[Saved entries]
******************************
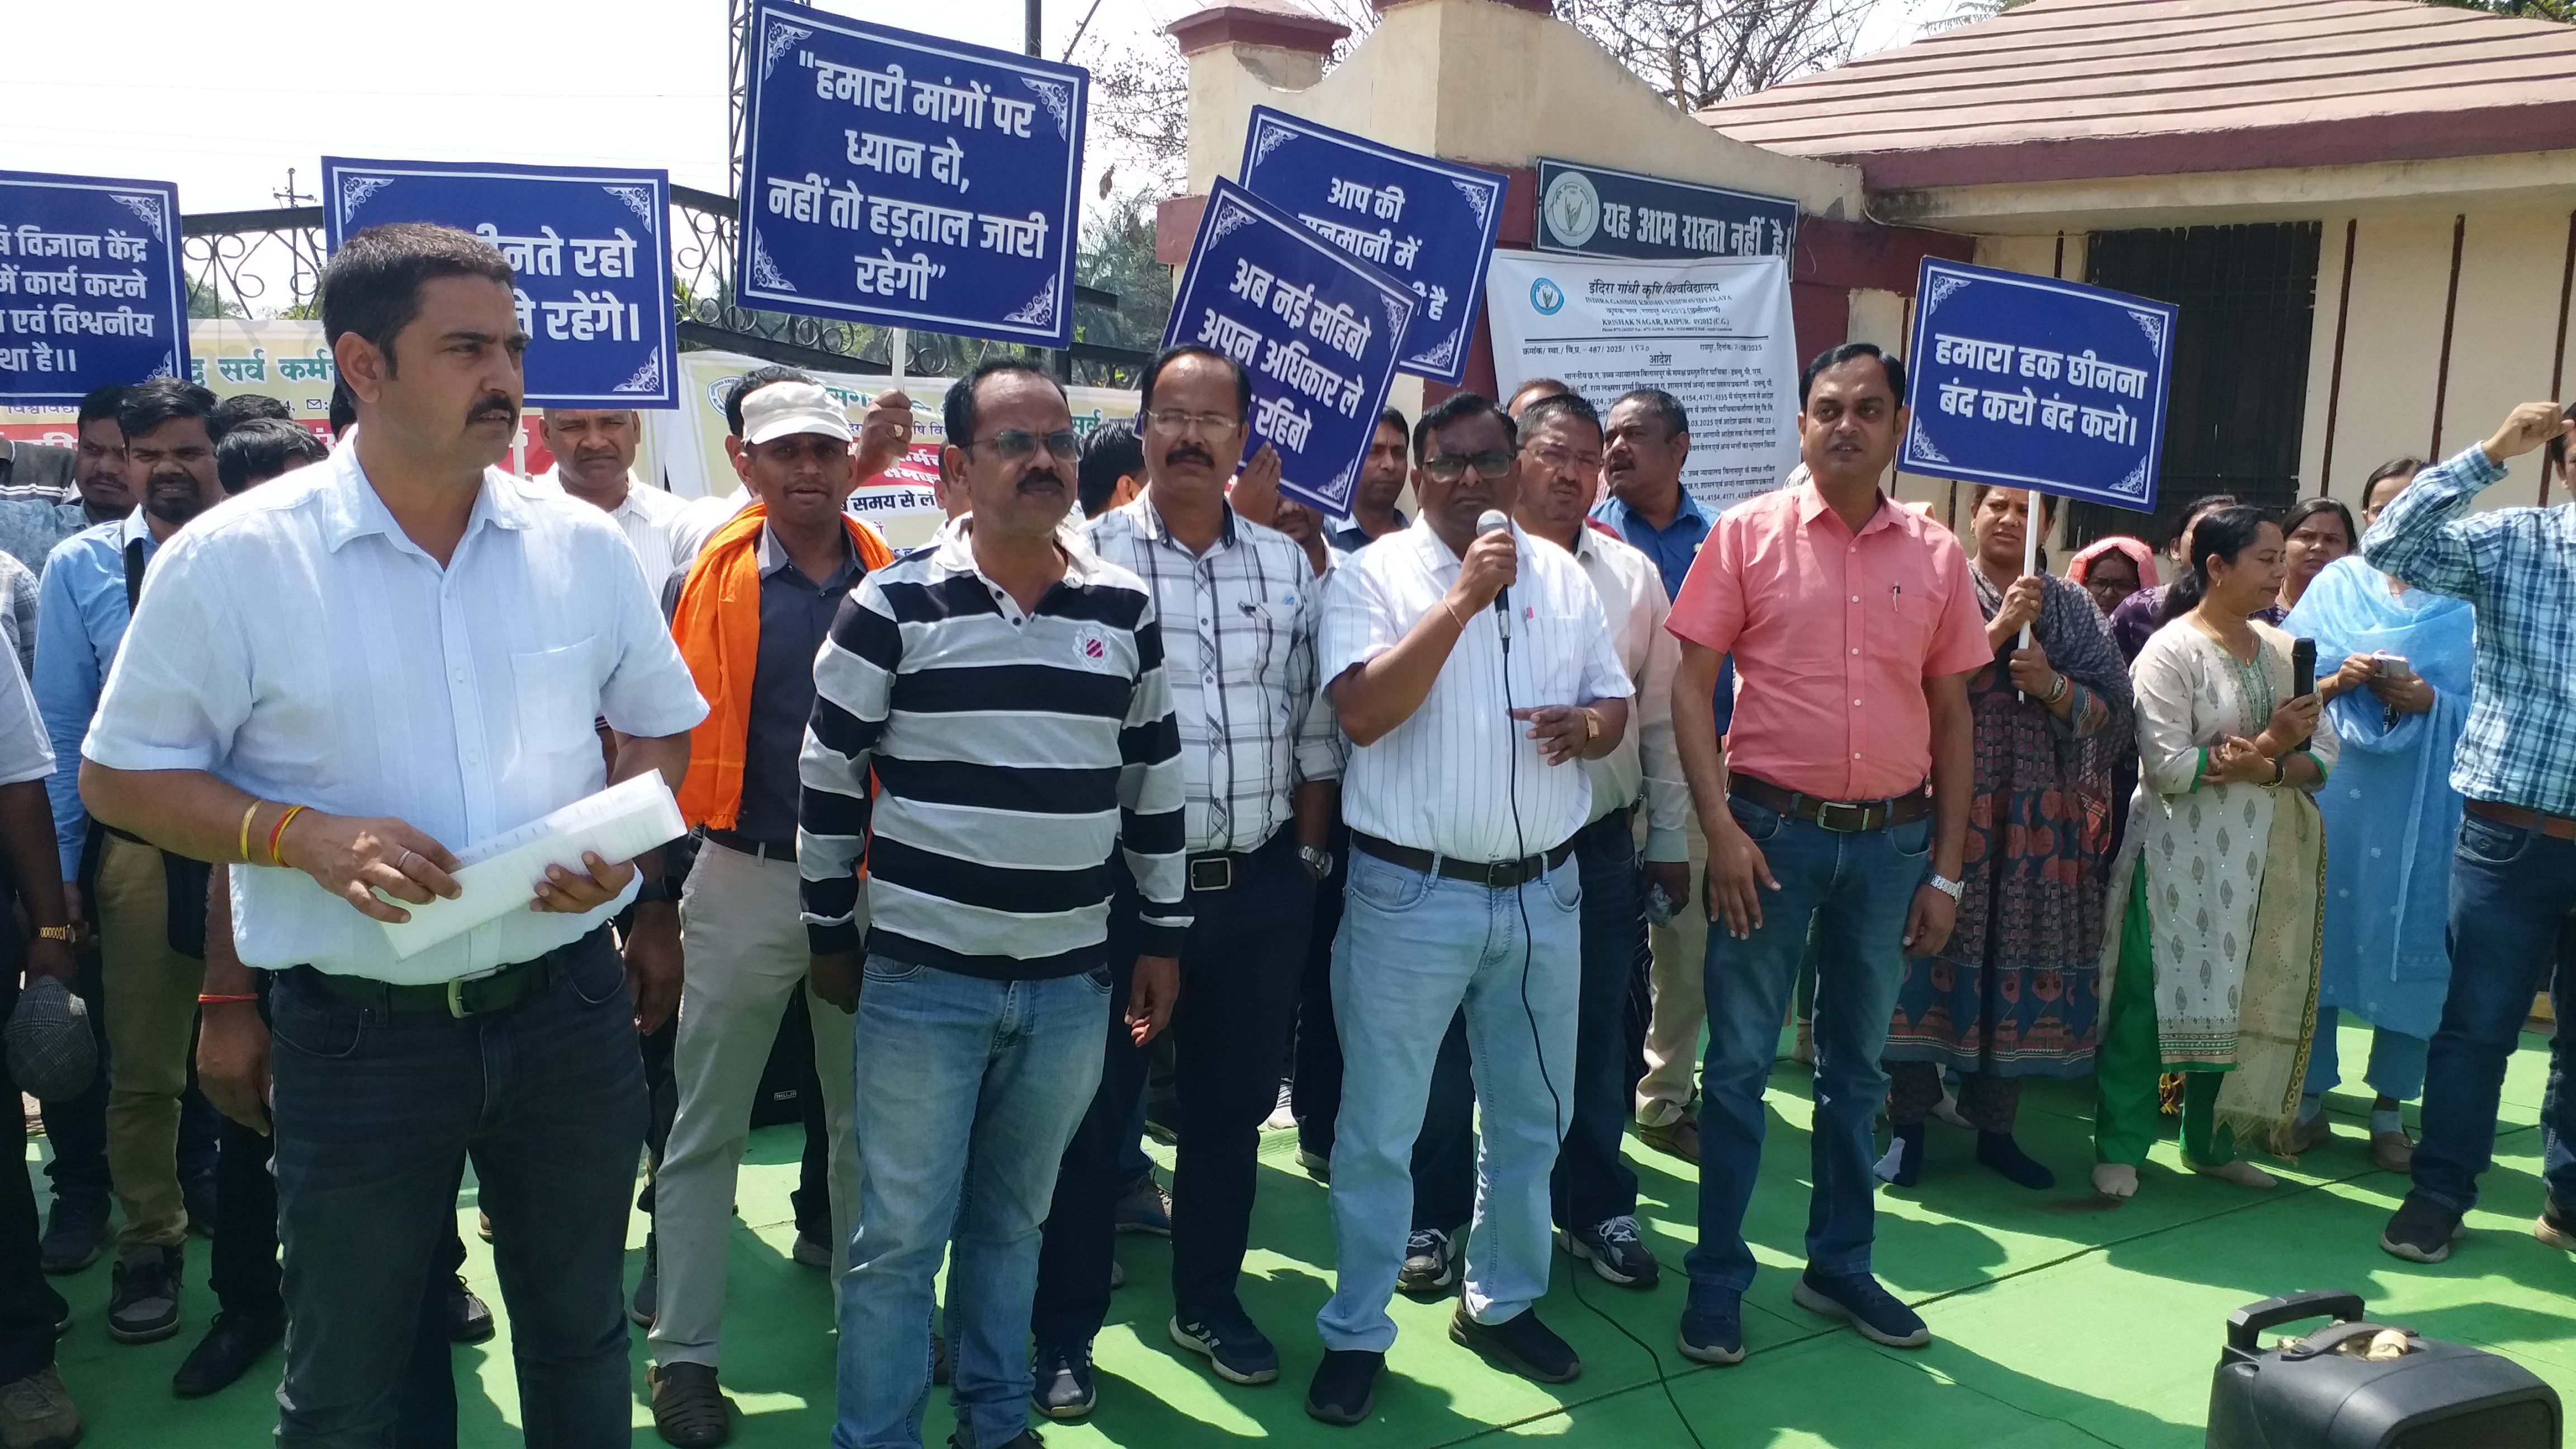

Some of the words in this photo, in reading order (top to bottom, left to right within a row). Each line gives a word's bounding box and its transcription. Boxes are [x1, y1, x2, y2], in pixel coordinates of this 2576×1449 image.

[911, 77, 991, 130] मांगों
[991, 96, 1036, 138] पर
[845, 129, 926, 179] ध्यान
[930, 136, 970, 194] दो,
[767, 173, 831, 224] नहीं
[829, 180, 864, 230] तो
[868, 196, 973, 247] हड़ताल
[977, 211, 1049, 259] जारी
[1327, 177, 1374, 214] आप
[1375, 185, 1406, 223] की
[15, 225, 101, 259] विज्ञान
[104, 228, 148, 263] केंद्र
[1602, 202, 1631, 239] यह
[1636, 206, 1678, 247] आम
[1681, 214, 1726, 254] रास्ता
[1730, 215, 1765, 256] नहीं
[569, 227, 637, 278] रहो
[1394, 237, 1423, 271] में
[21, 265, 78, 296] कार्य
[81, 268, 148, 299] करने
[1589, 279, 1615, 296] इंदिरा
[1617, 280, 1640, 295] गांधी
[1642, 281, 1663, 299] कृषि
[1663, 280, 1720, 295] विश्वविद्यालय
[1609, 297, 1637, 306] GANDHI
[1664, 295, 1732, 306] VISHWAVIDYALAYA
[9, 304, 47, 334] एवं
[541, 290, 640, 341] रहेंगे।
[1229, 257, 1275, 309] अब
[1272, 279, 1315, 330] नई
[1309, 303, 1372, 362] सहिबो
[1428, 284, 1448, 322] है
[1636, 318, 1663, 327] NAGAR,
[217, 348, 266, 381] सर्व
[1197, 307, 1263, 367] अपन
[1259, 339, 1343, 408] अधिकार
[1338, 373, 1365, 419] ले
[1564, 370, 1587, 380] माननीय
[1614, 370, 1640, 378] न्यायालय
[1649, 351, 1672, 364] आदेश
[1934, 333, 2015, 375] हमारा
[2018, 345, 2064, 381] हक
[2067, 349, 2148, 400] छीनना
[1601, 384, 1621, 392] लक्ष्मण
[1621, 381, 1635, 392] शर्मा
[1254, 397, 1313, 454] रहिबो
[1939, 377, 1978, 418] बंद
[1981, 386, 2038, 427] करो
[2040, 392, 2078, 434] बंद
[2080, 404, 2138, 447] करो।
[1702, 429, 1720, 438] आगामी
[851, 494, 896, 512] समय
[898, 490, 917, 508] से
******************************
Above are records with pictures; repeat the records exactly and leave the pictures out.

Some of the words in this photo, in reading order (top to bottom, left to right within a row). Each line gives a word's bounding box and its transcription. Boxes are [x1, y1, x2, y2], in pixel coordinates of this 2576×1449 image.

[911, 77, 991, 130] मांगों
[991, 96, 1036, 138] पर
[845, 129, 926, 179] ध्यान
[930, 136, 970, 194] दो,
[767, 173, 831, 224] नहीं
[829, 180, 864, 230] तो
[868, 196, 973, 247] हड़ताल
[977, 211, 1049, 259] जारी
[1327, 177, 1374, 214] आप
[1375, 185, 1406, 223] की
[15, 225, 101, 259] विज्ञान
[104, 228, 148, 263] केंद्र
[1602, 202, 1631, 239] यह
[1636, 206, 1678, 247] आम
[1681, 214, 1726, 254] रास्ता
[1730, 215, 1765, 256] नहीं
[569, 227, 637, 278] रहो
[1394, 237, 1423, 271] में
[21, 265, 78, 296] कार्य
[81, 268, 148, 299] करने
[1589, 279, 1615, 296] इंदिरा
[1617, 280, 1640, 295] गांधी
[1642, 281, 1663, 299] कृषि
[1663, 280, 1720, 295] विश्वविद्यालय
[1609, 297, 1637, 306] GANDHI
[1664, 295, 1732, 306] VISHWAVIDYALAYA
[9, 304, 47, 334] एवं
[541, 290, 640, 341] रहेंगे।
[1229, 257, 1275, 309] अब
[1272, 279, 1315, 330] नई
[1309, 303, 1372, 362] सहिबो
[1428, 284, 1448, 322] है
[1636, 318, 1663, 327] NAGAR,
[217, 348, 266, 381] सर्व
[1197, 307, 1263, 367] अपन
[1259, 339, 1343, 408] अधिकार
[1338, 373, 1365, 419] ले
[1564, 370, 1587, 380] माननीय
[1614, 370, 1640, 378] न्यायालय
[1649, 351, 1672, 364] आदेश
[1934, 333, 2015, 375] हमारा
[2018, 345, 2064, 381] हक
[2067, 349, 2148, 400] छीनना
[1601, 384, 1621, 392] लक्ष्मण
[1621, 381, 1635, 392] शर्मा
[1254, 397, 1313, 454] रहिबो
[1939, 377, 1978, 418] बंद
[1981, 386, 2038, 427] करो
[2040, 392, 2078, 434] बंद
[2080, 404, 2138, 447] करो।
[1702, 429, 1720, 438] आगामी
[851, 494, 896, 512] समय
[898, 490, 917, 508] से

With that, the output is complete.